For reform to happen, Zhu said it’s crucial that patients and GPs have quick access to accurate information on specialists’ expertise and fees.
“I have always been frustrated to have patients coming back to me complaining about expensive specialists’ fees, which I don’t have a clue about. As a matter of fact, all GPs don’t have a clue. But these complaints seem to be occurring more and more. It alerts me to the fact that specialists’ fees might be becoming more and more expensive,” Zhu said.
Technology was an obvious solution and he created Seekmedi, which is one of a few sites publishing information on specialists, including mind-the-gap.com.au, healthshare.com.au and whitecoat.com.au, to provide some transparency.
But some specialists have been resistant to the scrutiny.

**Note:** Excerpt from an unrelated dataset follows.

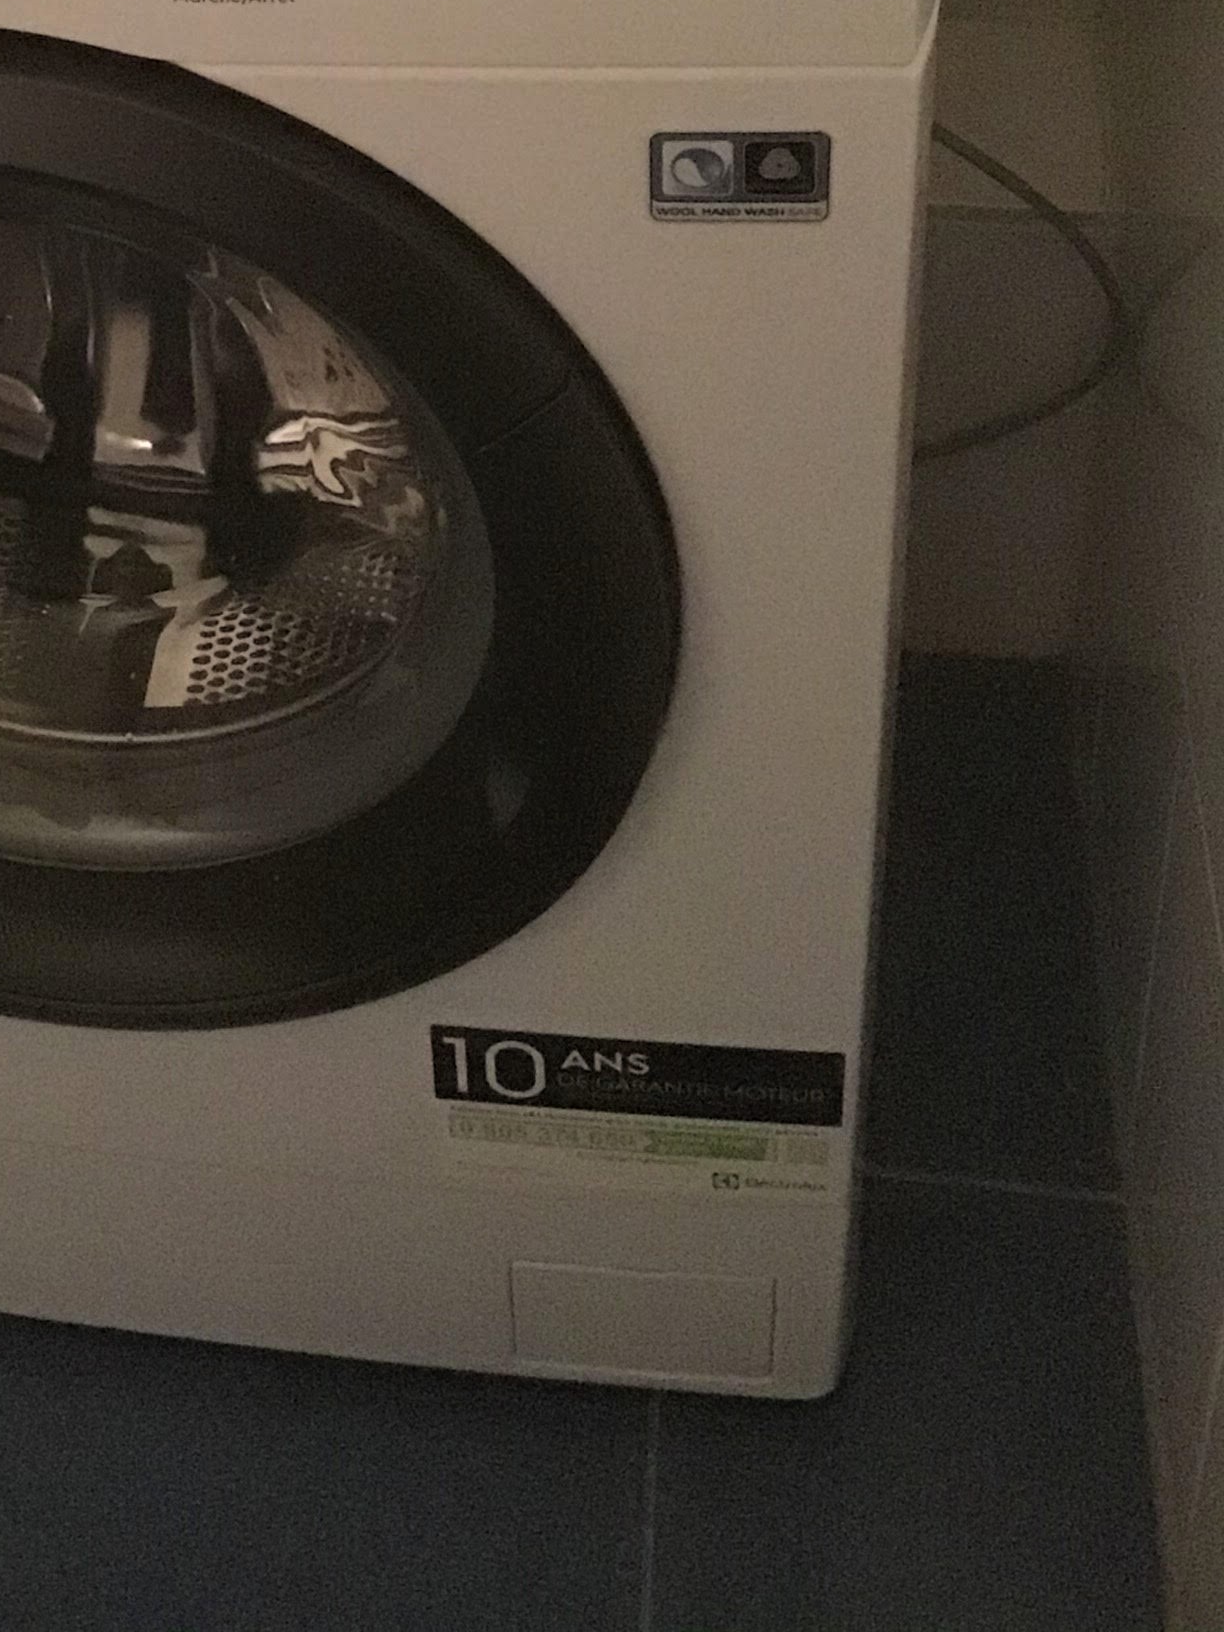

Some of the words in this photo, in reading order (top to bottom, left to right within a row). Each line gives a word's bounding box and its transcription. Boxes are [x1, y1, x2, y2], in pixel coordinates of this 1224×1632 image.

“I received a letter from a lawyer on behalf of an ophthalmologist demanding me to take his details off my website because he believes I did not obtain his consent. There have been similar letters sent to me from a few practice managers. However, I try to be firm in my vision,” Zhu said.

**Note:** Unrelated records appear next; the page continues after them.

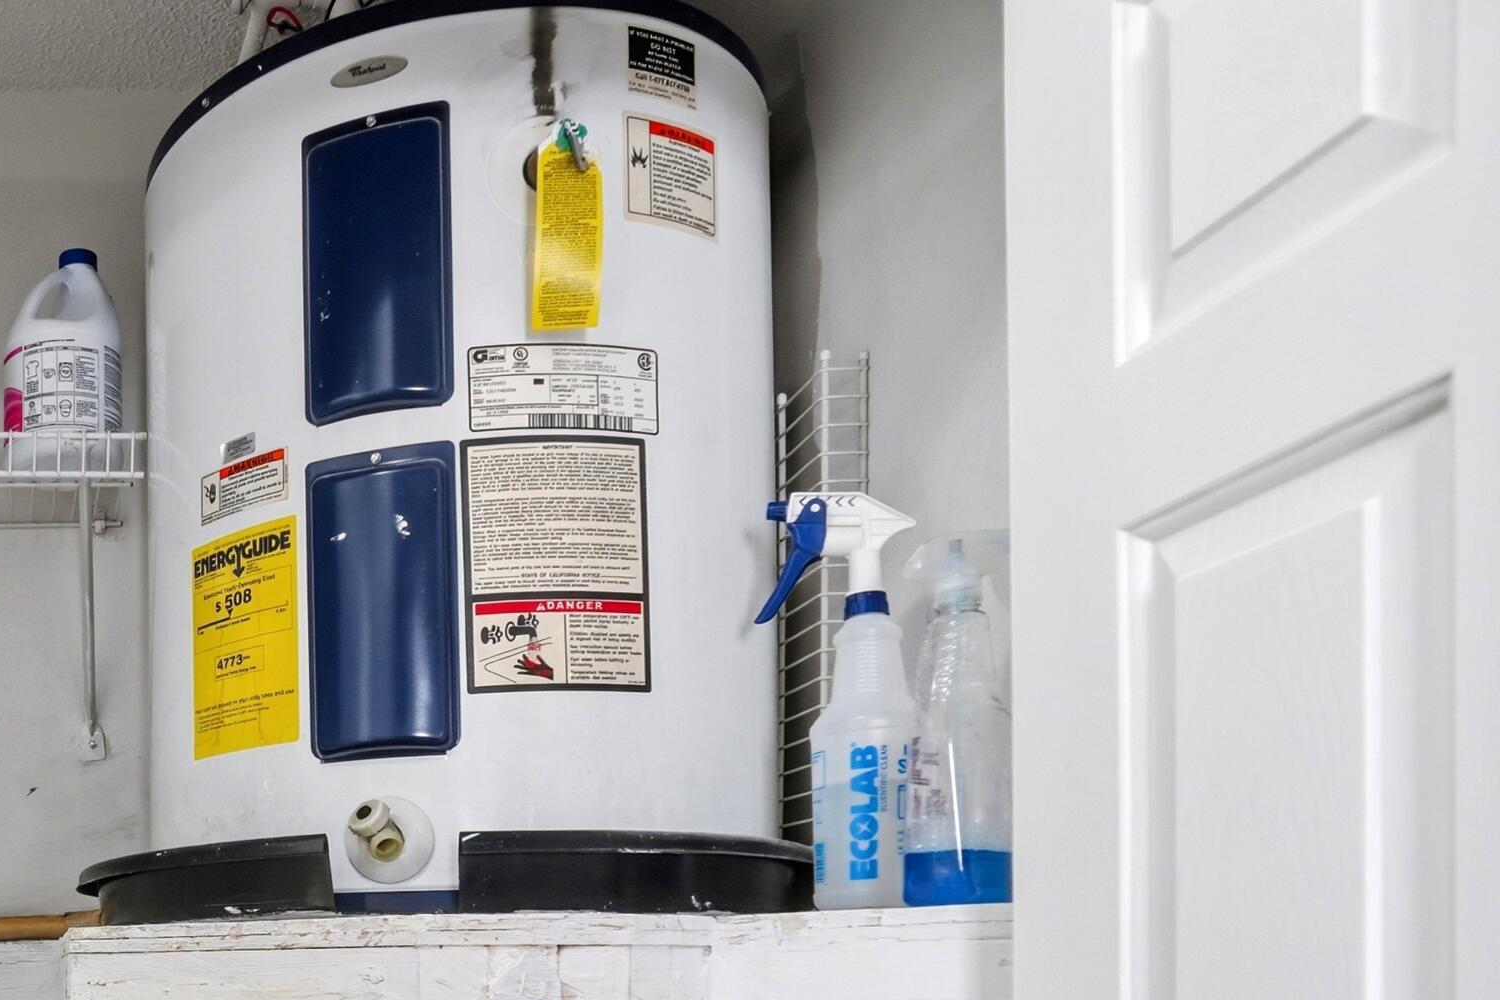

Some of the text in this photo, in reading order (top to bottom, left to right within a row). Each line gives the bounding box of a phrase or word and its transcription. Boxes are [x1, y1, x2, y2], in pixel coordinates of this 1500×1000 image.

[194, 530, 291, 579] ENERGYGUIDE
[225, 588, 252, 609] 508
[546, 601, 603, 610] DANGER
[216, 654, 243, 671] 4773
[850, 745, 878, 880] ECOLAB
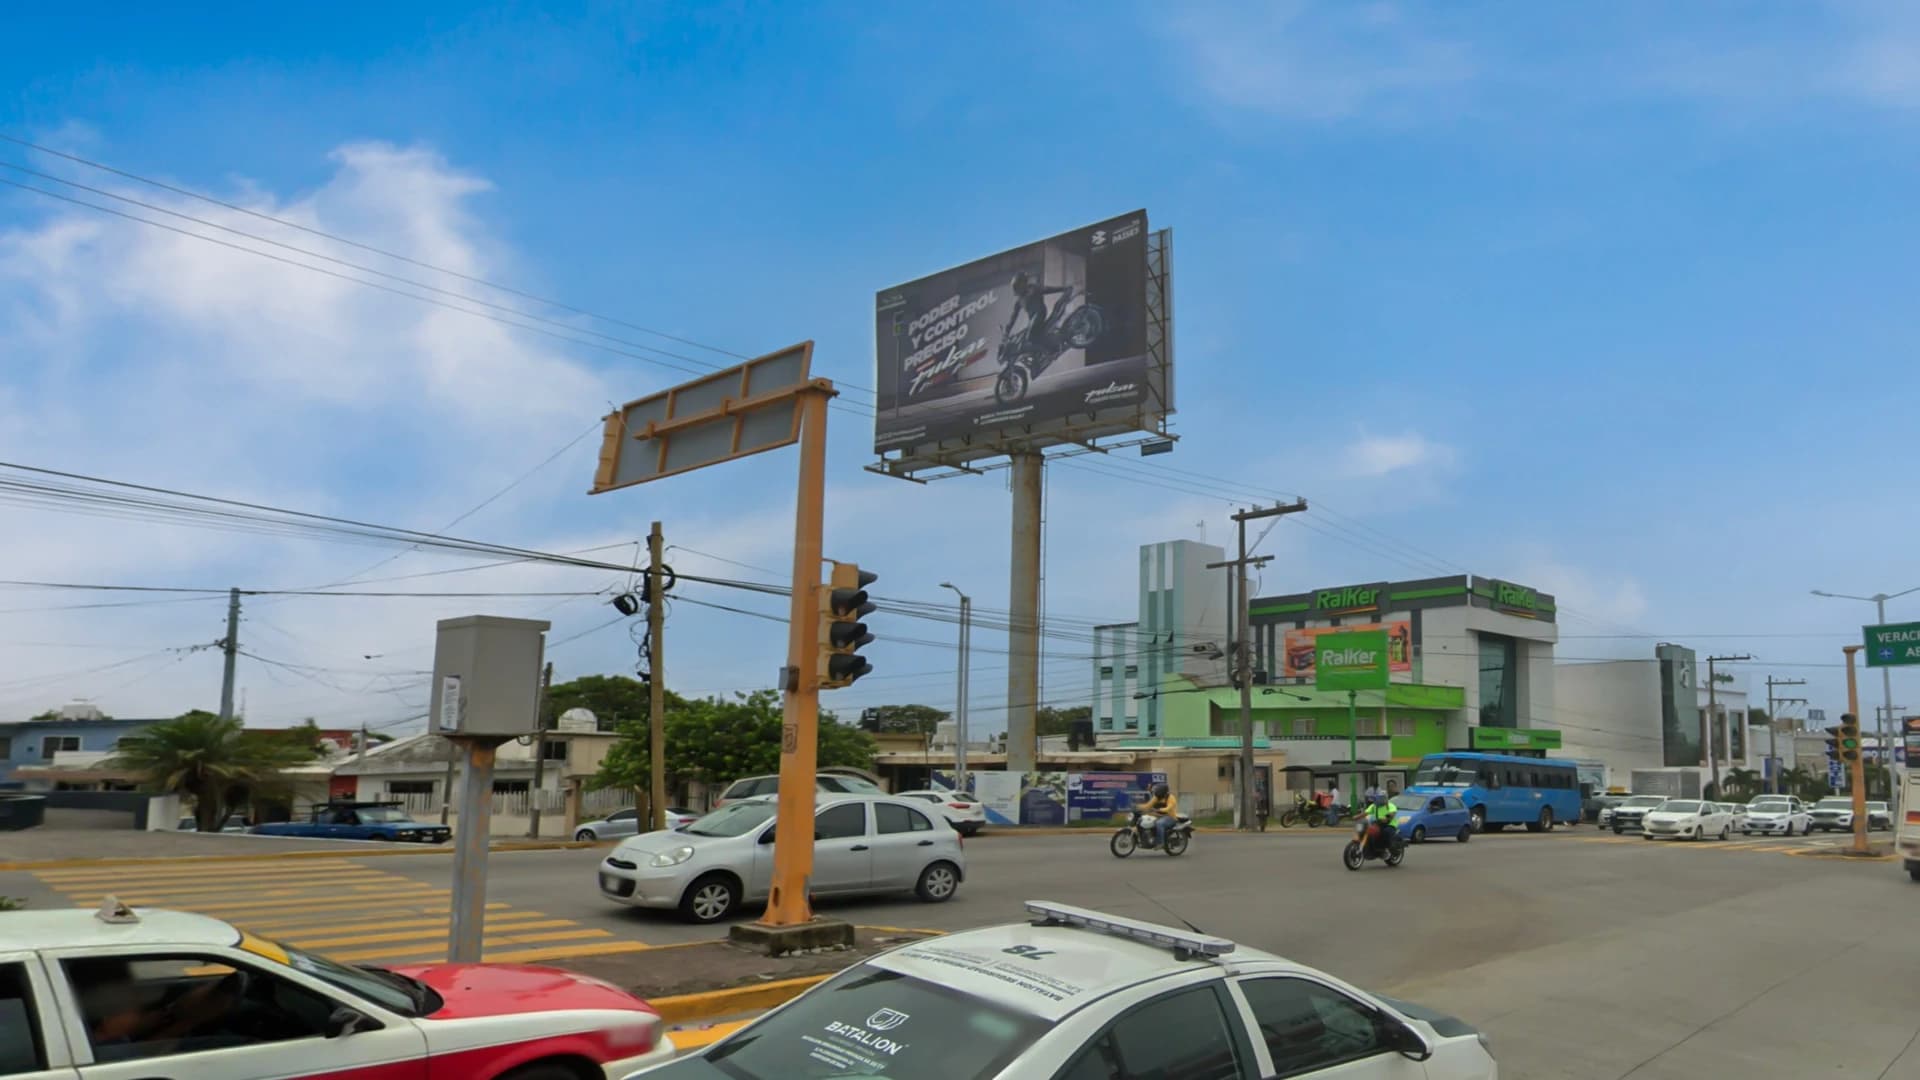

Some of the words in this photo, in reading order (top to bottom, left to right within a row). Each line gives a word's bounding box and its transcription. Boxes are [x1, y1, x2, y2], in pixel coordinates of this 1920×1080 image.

[908, 294, 961, 337] PODER
[911, 332, 922, 350] Y
[923, 290, 998, 342] CONTROL
[903, 323, 969, 372] PRECISO
[1001, 944, 1056, 960] 78
[824, 1020, 903, 1056] BATALION

The Australian Healthcare and Hospitals Association’s Chief Executive Alison Verhoeven described the Four Corners report as “a warning bell that our political leaders should heed,” and said the problem is compounded when patients need to see several different health service providers for their conditions with many tests and treatments performed outside hospital where they may not be claimable on health insurance.
‘People’s first-hand accounts of the significant costs incurred in managing their health cannot be ignored, nor brushed over with statements about high bulk-billing rates, a few rogue specialists and planned insurance reforms which will do little, if anything, to address the problem,” she said.
‘As a starting point, the government could task the MBS Review Taskforce with investigating options for bundled payments for high-need patients, such as those requiring treatment for cancer. This would assist in addressing variation in doctors’ fees, as well as the unanticipated and sometimes unaffordable bills that land in the patient’s lap throughout their care journey.
‘With each provider charging for their services and no clear idea on the claimability or benefits payable on the various items, either from private health insurance or Medicare, the overall amount of money the patient is required to spend can add to something significantly more than first anticipated.”
Seekmedi has a section for patients to send in photos of specialists’ receipts. Meanwhile specialists are able to provide information on their expertise and fees, although he says: “it seems to be wishful thinking; I have only received 50 or so from specialists doing that.”
As a result, Zhu has updated the bios of most of the specialists across Australia, as well as consult fees, Medicare rebate, gap fee and pension rate, and for those who participate in the no-gap scheme he adds that in too.
“Because like any other fields, only by putting professionals on a comparison site will it create competition in a free market. It will always bring fees down or at least provide a downward pressure on fees,” he said.
Seekmedi is now moving into another area of frustration for GPs, specialists’ offices and patients, with users soon able to book specialists’ appointments via the platform.
“I believe [it] will cut down the time specialist's secretaries spend answering millions of phone calls, enable patients to view exactly how long the waiting time is for the specialists, and make bookings as easy as it is to reserve a restaurant online.”
Following this week’s elevated attention on the issue of out-of-pocket medical expenses, Zhu said he hopes doctors and patients will now look in greater numbers online to find solutions to a critical problem.
“Just like one of the patient in the story pointed out towards the end, it is troublesome to think there are people out there avoiding vital specialist treatments simply because of the fear of excessive fees. Thus, having a website like Seekmedi, it can potentially save time, save money, lead to earlier diagnosis and, I believe, save lives too.”